→ **What the exercise asks**: Please return the entries, omitting and altering nothing.
+++
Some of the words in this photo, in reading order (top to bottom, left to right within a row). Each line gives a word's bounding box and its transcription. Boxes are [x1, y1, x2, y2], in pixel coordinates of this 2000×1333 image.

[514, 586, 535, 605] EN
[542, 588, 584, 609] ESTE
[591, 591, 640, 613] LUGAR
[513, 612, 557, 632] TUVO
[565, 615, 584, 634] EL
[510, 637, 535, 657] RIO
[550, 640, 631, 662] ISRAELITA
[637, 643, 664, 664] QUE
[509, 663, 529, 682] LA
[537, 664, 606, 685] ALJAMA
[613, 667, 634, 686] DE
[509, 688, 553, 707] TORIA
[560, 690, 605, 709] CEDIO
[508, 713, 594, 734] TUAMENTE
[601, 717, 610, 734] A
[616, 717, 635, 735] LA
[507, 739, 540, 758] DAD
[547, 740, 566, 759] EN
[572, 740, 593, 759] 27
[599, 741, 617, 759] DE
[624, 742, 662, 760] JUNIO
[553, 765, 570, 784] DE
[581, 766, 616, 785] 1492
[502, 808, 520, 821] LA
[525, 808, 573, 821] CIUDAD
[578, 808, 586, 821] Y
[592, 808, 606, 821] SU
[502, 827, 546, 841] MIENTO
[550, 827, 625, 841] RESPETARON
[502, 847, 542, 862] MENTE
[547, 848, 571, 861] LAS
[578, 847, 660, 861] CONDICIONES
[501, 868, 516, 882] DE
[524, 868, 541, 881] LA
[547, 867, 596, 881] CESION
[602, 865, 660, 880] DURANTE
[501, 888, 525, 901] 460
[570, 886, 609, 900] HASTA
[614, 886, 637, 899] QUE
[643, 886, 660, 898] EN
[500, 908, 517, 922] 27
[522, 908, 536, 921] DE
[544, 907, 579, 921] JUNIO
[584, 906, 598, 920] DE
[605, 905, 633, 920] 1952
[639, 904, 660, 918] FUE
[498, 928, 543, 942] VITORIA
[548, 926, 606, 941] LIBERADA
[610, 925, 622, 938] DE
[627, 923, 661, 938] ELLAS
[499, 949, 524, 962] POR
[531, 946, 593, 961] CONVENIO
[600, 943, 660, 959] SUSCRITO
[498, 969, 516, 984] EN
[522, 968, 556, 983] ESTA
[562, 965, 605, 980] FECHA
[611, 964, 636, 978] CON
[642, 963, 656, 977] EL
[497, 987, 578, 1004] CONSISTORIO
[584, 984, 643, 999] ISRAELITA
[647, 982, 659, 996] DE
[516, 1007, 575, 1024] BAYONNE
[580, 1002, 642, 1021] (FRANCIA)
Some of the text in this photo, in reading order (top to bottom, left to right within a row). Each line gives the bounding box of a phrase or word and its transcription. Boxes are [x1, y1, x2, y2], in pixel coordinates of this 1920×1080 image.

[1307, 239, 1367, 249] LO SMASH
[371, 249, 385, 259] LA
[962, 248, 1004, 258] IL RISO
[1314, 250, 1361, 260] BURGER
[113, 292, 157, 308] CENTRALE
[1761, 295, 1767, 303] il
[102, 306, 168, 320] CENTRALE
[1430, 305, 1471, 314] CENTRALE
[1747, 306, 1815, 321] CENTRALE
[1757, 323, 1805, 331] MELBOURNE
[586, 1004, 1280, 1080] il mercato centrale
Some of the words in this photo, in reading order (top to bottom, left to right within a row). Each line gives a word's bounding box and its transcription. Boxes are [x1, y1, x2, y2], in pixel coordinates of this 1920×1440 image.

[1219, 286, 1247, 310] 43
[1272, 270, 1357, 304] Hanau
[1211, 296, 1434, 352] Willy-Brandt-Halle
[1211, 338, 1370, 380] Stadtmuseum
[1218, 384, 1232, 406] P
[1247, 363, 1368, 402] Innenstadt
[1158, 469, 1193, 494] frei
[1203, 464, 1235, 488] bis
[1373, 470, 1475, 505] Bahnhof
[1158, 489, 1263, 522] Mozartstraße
+++
→ **Answer section**:
Some of the words in this photo, in reading order (top to bottom, left to right within a row). Each line gives a word's bounding box and its transcription. Boxes are [x1, y1, x2, y2], in pixel coordinates of this 2000×1333 image.

[514, 586, 535, 605] EN
[542, 588, 584, 609] ESTE
[591, 591, 640, 613] LUGAR
[513, 612, 557, 632] TUVO
[565, 615, 584, 634] EL
[510, 637, 535, 657] RIO
[550, 640, 631, 662] ISRAELITA
[637, 643, 664, 664] QUE
[509, 663, 529, 682] LA
[537, 664, 606, 685] ALJAMA
[613, 667, 634, 686] DE
[509, 688, 553, 707] TORIA
[560, 690, 605, 709] CEDIO
[508, 713, 594, 734] TUAMENTE
[601, 717, 610, 734] A
[616, 717, 635, 735] LA
[507, 739, 540, 758] DAD
[547, 740, 566, 759] EN
[572, 740, 593, 759] 27
[599, 741, 617, 759] DE
[624, 742, 662, 760] JUNIO
[553, 765, 570, 784] DE
[581, 766, 616, 785] 1492
[502, 808, 520, 821] LA
[525, 808, 573, 821] CIUDAD
[578, 808, 586, 821] Y
[592, 808, 606, 821] SU
[502, 827, 546, 841] MIENTO
[550, 827, 625, 841] RESPETARON
[502, 847, 542, 862] MENTE
[547, 848, 571, 861] LAS
[578, 847, 660, 861] CONDICIONES
[501, 868, 516, 882] DE
[524, 868, 541, 881] LA
[547, 867, 596, 881] CESION
[602, 865, 660, 880] DURANTE
[501, 888, 525, 901] 460
[570, 886, 609, 900] HASTA
[614, 886, 637, 899] QUE
[643, 886, 660, 898] EN
[500, 908, 517, 922] 27
[522, 908, 536, 921] DE
[544, 907, 579, 921] JUNIO
[584, 906, 598, 920] DE
[605, 905, 633, 920] 1952
[639, 904, 660, 918] FUE
[498, 928, 543, 942] VITORIA
[548, 926, 606, 941] LIBERADA
[610, 925, 622, 938] DE
[627, 923, 661, 938] ELLAS
[499, 949, 524, 962] POR
[531, 946, 593, 961] CONVENIO
[600, 943, 660, 959] SUSCRITO
[498, 969, 516, 984] EN
[522, 968, 556, 983] ESTA
[562, 965, 605, 980] FECHA
[611, 964, 636, 978] CON
[642, 963, 656, 977] EL
[497, 987, 578, 1004] CONSISTORIO
[584, 984, 643, 999] ISRAELITA
[647, 982, 659, 996] DE
[516, 1007, 575, 1024] BAYONNE
[580, 1002, 642, 1021] (FRANCIA)
Some of the text in this photo, in reading order (top to bottom, left to right within a row). Each line gives the bounding box of a phrase or word and its transcription. Boxes are [x1, y1, x2, y2], in pixel coordinates of this 1920×1080 image.

[1307, 239, 1367, 249] LO SMASH
[371, 249, 385, 259] LA
[962, 248, 1004, 258] IL RISO
[1314, 250, 1361, 260] BURGER
[113, 292, 157, 308] CENTRALE
[1761, 295, 1767, 303] il
[102, 306, 168, 320] CENTRALE
[1430, 305, 1471, 314] CENTRALE
[1747, 306, 1815, 321] CENTRALE
[1757, 323, 1805, 331] MELBOURNE
[586, 1004, 1280, 1080] il mercato centrale
Some of the words in this photo, in reading order (top to bottom, left to right within a row). Each line gives a word's bounding box and its transcription. Boxes are [x1, y1, x2, y2], in pixel coordinates of this 1920×1440 image.

[1219, 286, 1247, 310] 43
[1272, 270, 1357, 304] Hanau
[1211, 296, 1434, 352] Willy-Brandt-Halle
[1211, 338, 1370, 380] Stadtmuseum
[1218, 384, 1232, 406] P
[1247, 363, 1368, 402] Innenstadt
[1158, 469, 1193, 494] frei
[1203, 464, 1235, 488] bis
[1373, 470, 1475, 505] Bahnhof
[1158, 489, 1263, 522] Mozartstraße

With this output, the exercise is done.